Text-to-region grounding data
______________________________
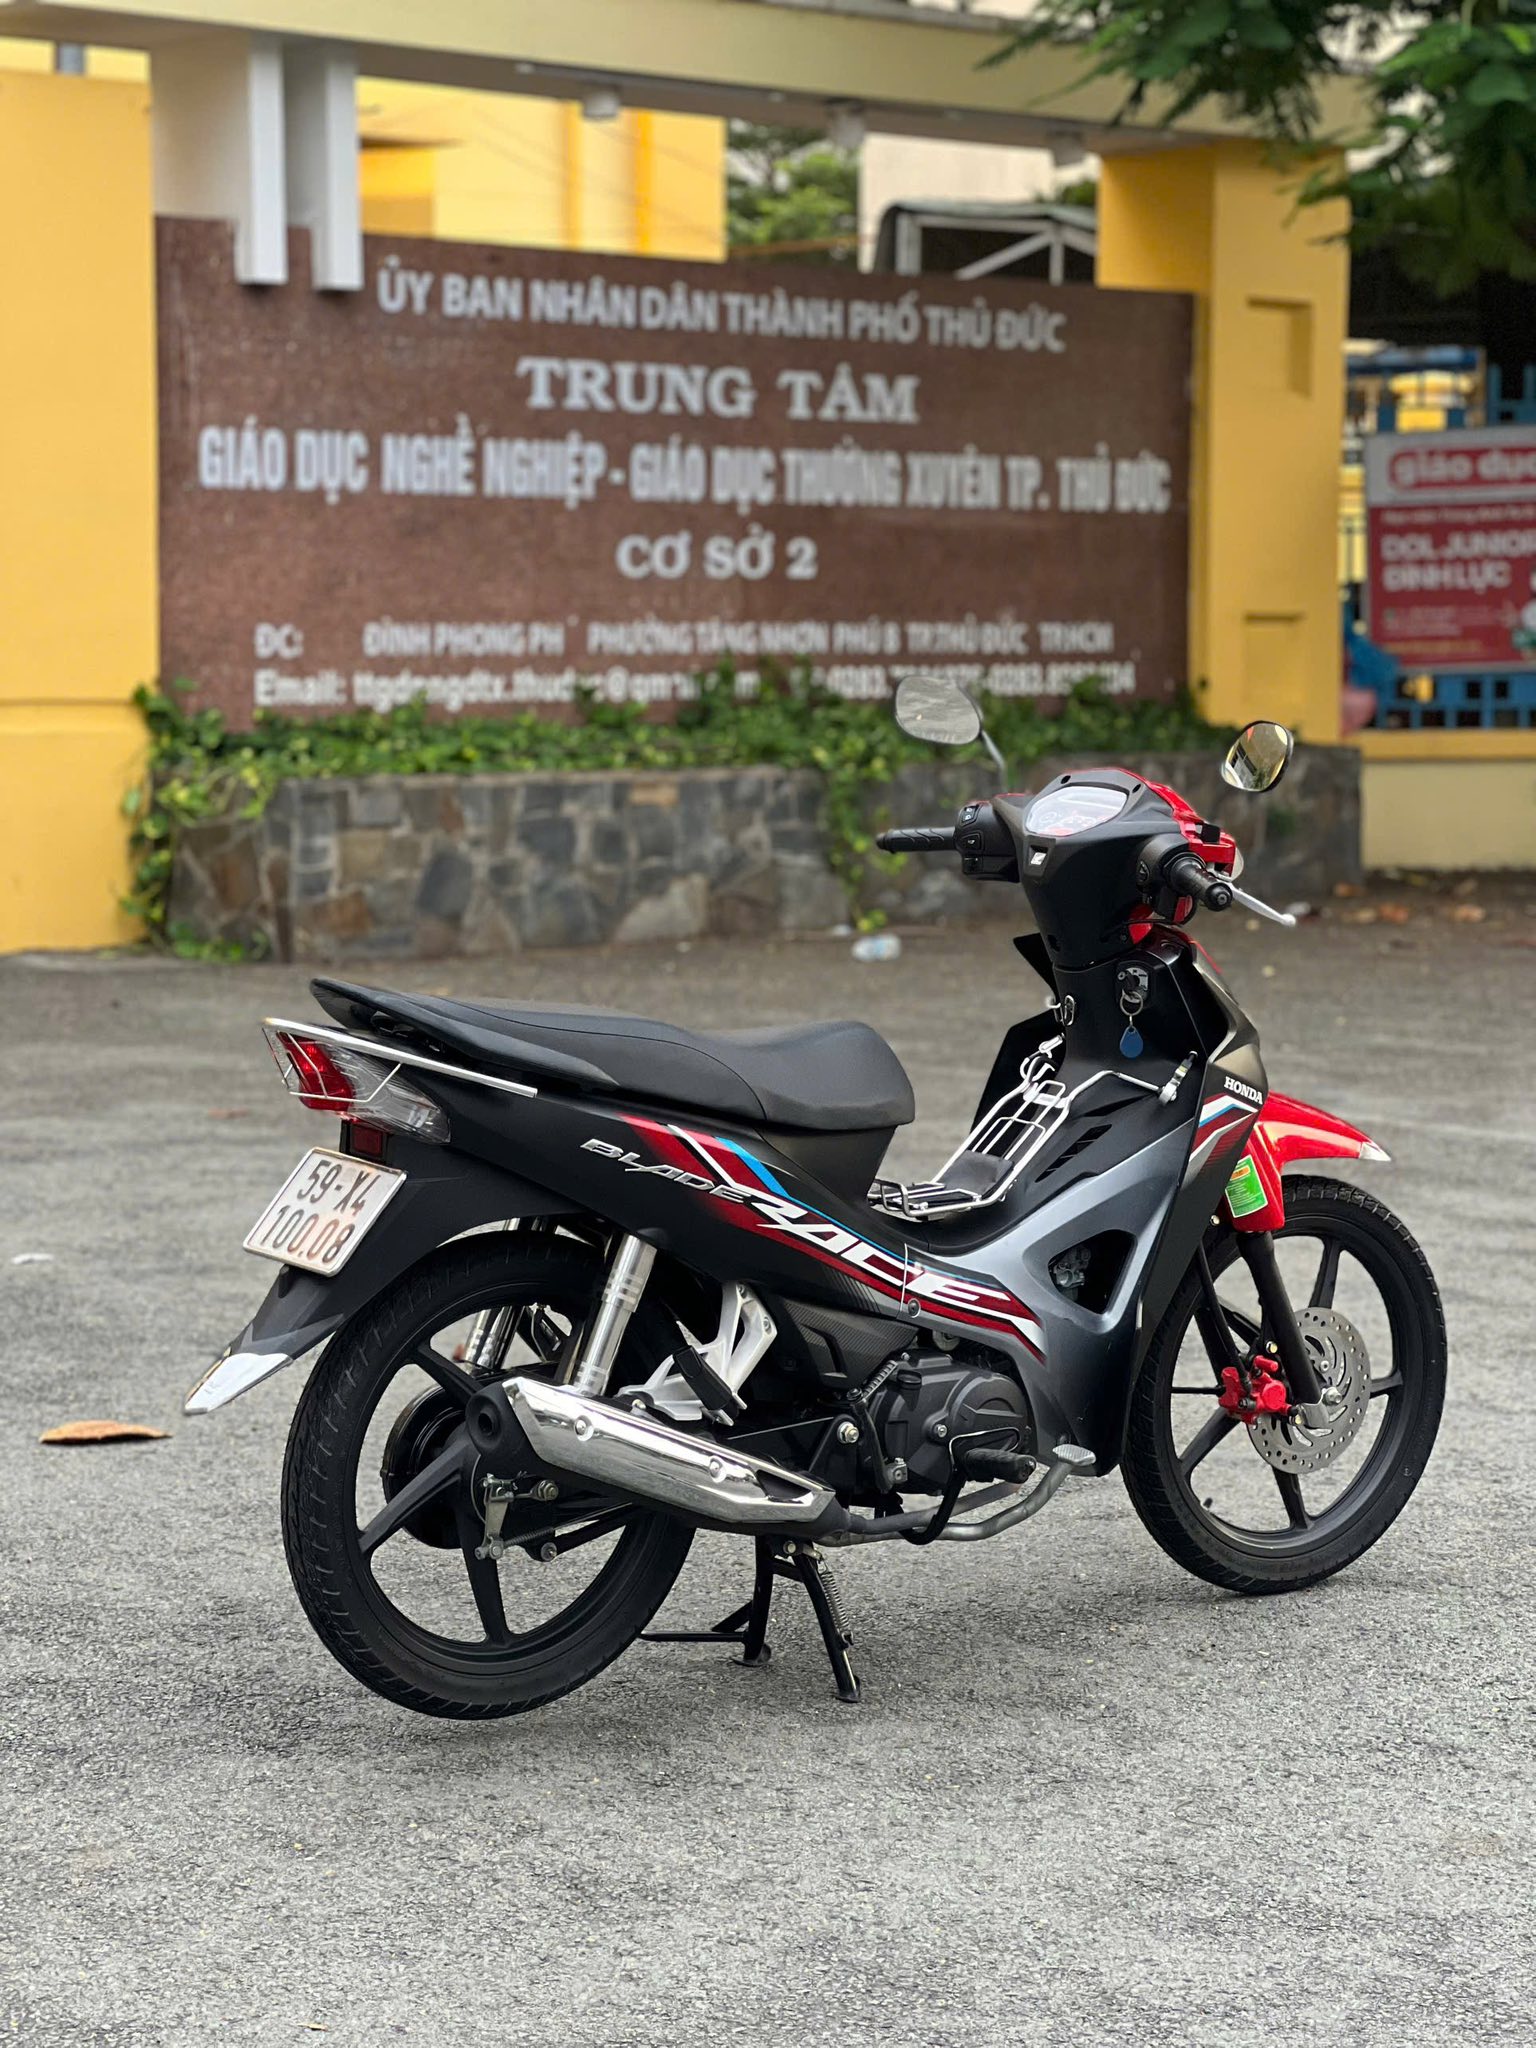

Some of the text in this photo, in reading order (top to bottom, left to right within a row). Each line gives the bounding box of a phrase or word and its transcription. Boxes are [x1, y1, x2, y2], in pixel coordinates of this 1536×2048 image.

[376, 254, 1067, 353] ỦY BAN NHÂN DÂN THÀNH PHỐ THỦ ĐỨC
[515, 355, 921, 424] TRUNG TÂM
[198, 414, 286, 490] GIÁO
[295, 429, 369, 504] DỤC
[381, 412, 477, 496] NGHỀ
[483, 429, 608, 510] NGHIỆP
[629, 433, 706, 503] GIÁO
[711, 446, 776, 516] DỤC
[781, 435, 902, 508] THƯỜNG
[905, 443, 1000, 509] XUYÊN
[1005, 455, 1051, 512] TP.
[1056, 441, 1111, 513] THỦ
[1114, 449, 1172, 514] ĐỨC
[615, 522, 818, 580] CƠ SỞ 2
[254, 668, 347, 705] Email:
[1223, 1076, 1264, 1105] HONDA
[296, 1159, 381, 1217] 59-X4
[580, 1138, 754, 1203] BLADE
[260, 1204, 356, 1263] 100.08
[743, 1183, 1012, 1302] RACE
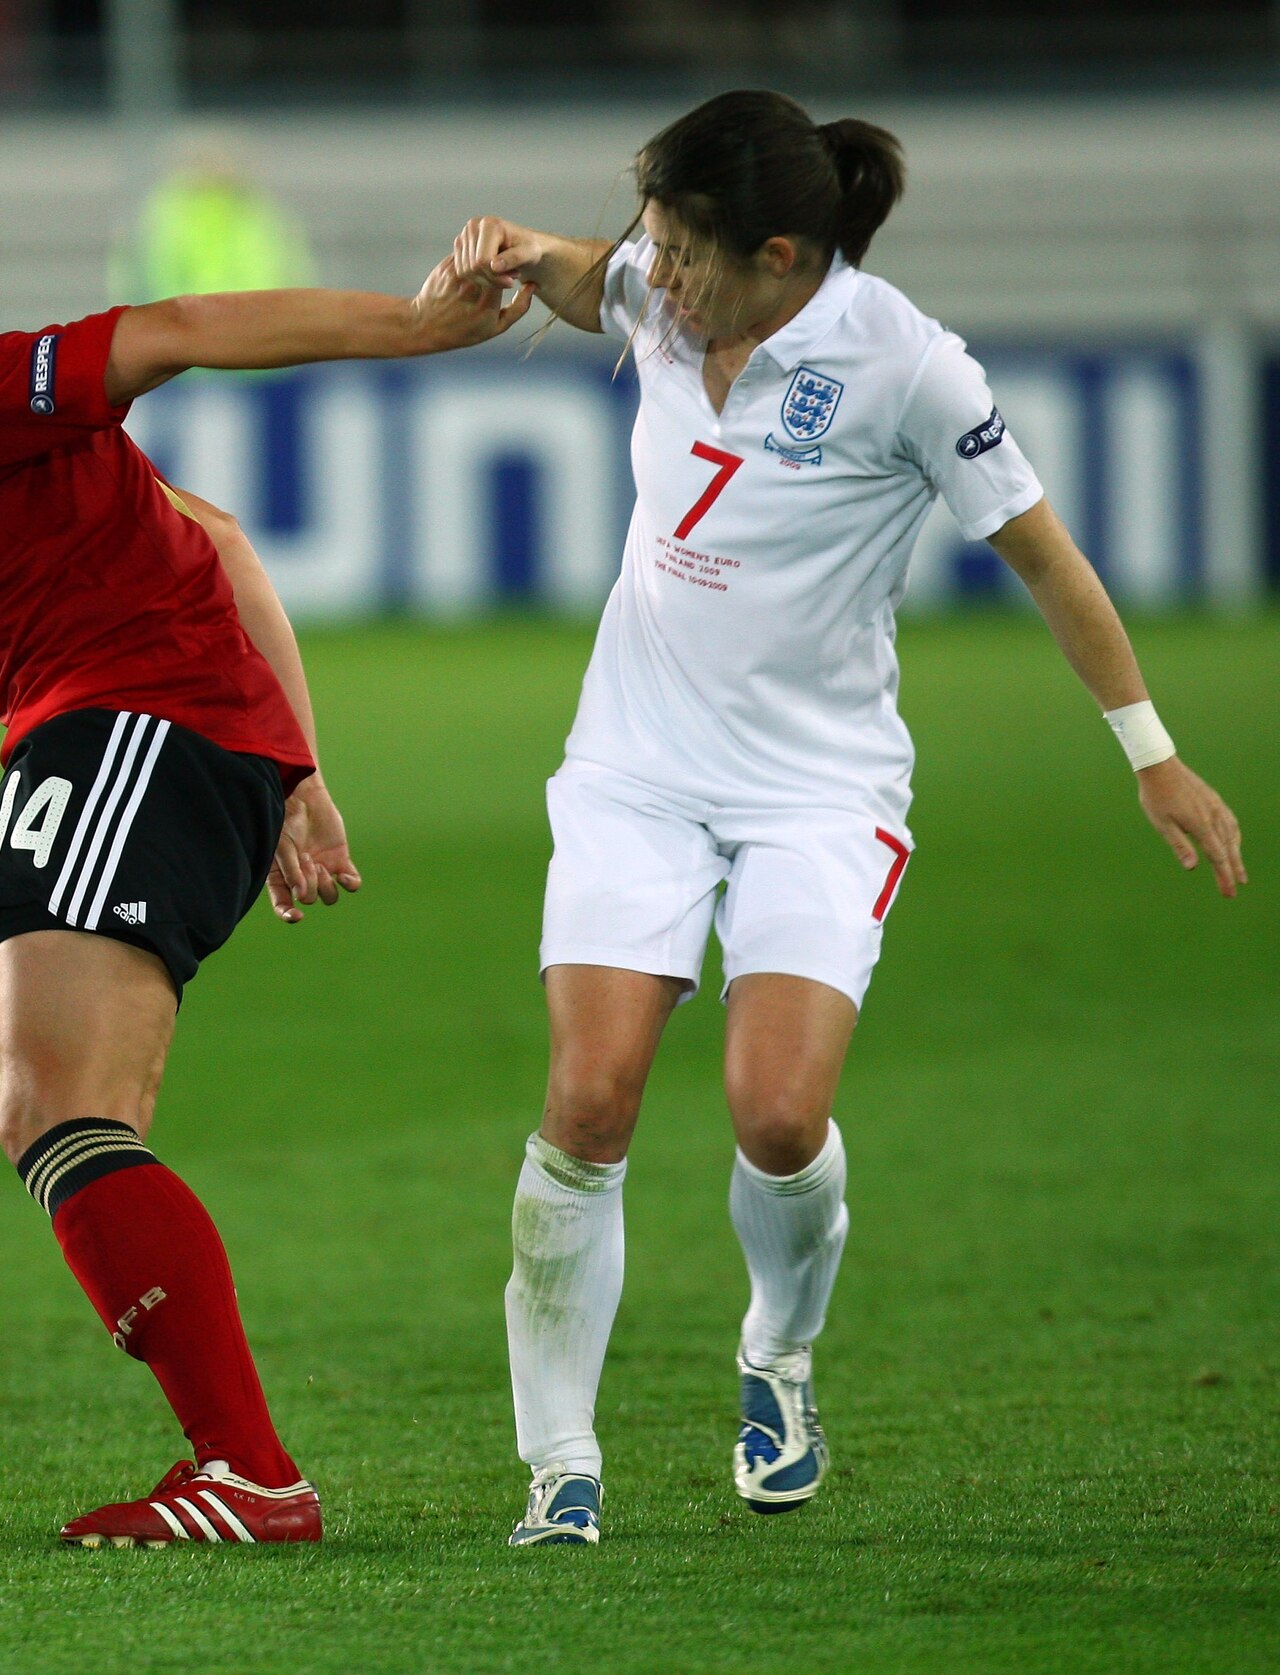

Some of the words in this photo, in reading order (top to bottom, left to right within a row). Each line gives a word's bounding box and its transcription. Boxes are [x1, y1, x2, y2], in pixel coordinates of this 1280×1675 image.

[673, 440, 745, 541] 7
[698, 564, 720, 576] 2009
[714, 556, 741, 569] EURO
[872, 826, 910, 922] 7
______________________________
WHAT NEEDS TO BE DONE
Your reply must reproduce all of the entries exactly and contain no pictures.

SOLUTION TO THE EXERCISE
Some of the text in this photo, in reading order (top to bottom, left to right within a row). Each line gives the bounding box of a phrase or word and its transcription. Boxes are [x1, y1, x2, y2], in pixel coordinates of this 1536×2048 image.

[376, 254, 1067, 353] ỦY BAN NHÂN DÂN THÀNH PHỐ THỦ ĐỨC
[515, 355, 921, 424] TRUNG TÂM
[198, 414, 286, 490] GIÁO
[295, 429, 369, 504] DỤC
[381, 412, 477, 496] NGHỀ
[483, 429, 608, 510] NGHIỆP
[629, 433, 706, 503] GIÁO
[711, 446, 776, 516] DỤC
[781, 435, 902, 508] THƯỜNG
[905, 443, 1000, 509] XUYÊN
[1005, 455, 1051, 512] TP.
[1056, 441, 1111, 513] THỦ
[1114, 449, 1172, 514] ĐỨC
[615, 522, 818, 580] CƠ SỞ 2
[254, 668, 347, 705] Email:
[1223, 1076, 1264, 1105] HONDA
[296, 1159, 381, 1217] 59-X4
[580, 1138, 754, 1203] BLADE
[260, 1204, 356, 1263] 100.08
[743, 1183, 1012, 1302] RACE

Some of the words in this photo, in reading order (top to bottom, left to right within a row). Each line gives a word's bounding box and its transcription. Boxes are [x1, y1, x2, y2], in pixel coordinates of this 1280×1675 image.

[673, 440, 745, 541] 7
[698, 564, 720, 576] 2009
[714, 556, 741, 569] EURO
[872, 826, 910, 922] 7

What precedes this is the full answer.